Eculizumab shows promise in treating refractory generalized myasthenia gravis (gMG)

UNC's James Howard, MD, was the principal investigator of the study.

Eculizumab shows promise in treating refractory generalized myasthenia gravis (gMG) click to enlarge James Howard, MD

Newly reported data from a clinical trial led by a UNC School of Medicine researcher show that eculizumab may be helpful in treating treating refractory generalized myasthenia gravis (gMG), an extremely rare neuromuscular disorder characterized by weakness and fatigue of skeletal muscles. It has no FDA-approved treatment.
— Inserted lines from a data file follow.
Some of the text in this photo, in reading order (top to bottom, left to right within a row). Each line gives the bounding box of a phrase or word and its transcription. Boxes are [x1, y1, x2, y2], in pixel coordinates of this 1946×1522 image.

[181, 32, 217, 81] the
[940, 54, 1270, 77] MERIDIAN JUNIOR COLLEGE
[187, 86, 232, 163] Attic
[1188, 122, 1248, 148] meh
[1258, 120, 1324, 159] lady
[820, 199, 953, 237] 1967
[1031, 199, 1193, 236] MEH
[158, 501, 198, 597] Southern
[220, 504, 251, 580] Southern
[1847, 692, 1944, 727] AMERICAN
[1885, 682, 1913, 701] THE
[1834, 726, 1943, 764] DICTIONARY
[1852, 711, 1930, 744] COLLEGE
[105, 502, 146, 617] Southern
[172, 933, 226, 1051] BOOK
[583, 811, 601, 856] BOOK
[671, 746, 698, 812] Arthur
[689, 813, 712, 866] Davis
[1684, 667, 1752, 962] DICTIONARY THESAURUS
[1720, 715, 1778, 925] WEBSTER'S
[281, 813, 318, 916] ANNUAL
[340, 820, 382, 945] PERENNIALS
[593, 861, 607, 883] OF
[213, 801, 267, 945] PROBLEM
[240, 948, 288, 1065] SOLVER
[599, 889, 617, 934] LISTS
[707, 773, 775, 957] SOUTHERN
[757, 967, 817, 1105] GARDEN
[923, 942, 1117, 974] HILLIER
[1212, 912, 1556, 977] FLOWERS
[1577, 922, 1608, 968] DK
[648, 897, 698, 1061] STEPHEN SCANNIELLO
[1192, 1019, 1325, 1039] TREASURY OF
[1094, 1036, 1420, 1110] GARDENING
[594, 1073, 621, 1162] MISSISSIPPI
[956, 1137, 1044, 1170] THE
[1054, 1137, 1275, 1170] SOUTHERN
James F. Howard Jr., MD, Distinguished Professor of Neuromuscular Disease, professor of neurology, medicine and allied health, and chief of the Neuromuscular Disorders Section in the UNC School of Medicine, presented the results July 7 at the 14th International Congress on Neuromuscular Diseases (ICNMD) in Toronto.

“Although the REGAIN study narrowly missed its primary endpoint, the additional data presented today suggest a magnitude of effect of eculizumab in refractory MG patients across four separate scales of disease severity that is unprecedented in my clinical investigation experience.

"These findings are particularly meaningful given the urgent need for a first-ever therapy with the potential to have a transformative impact on patients with refractory MG, who continue to face disabling limitations in their daily lives," said Howard, who was the study's principal investigator.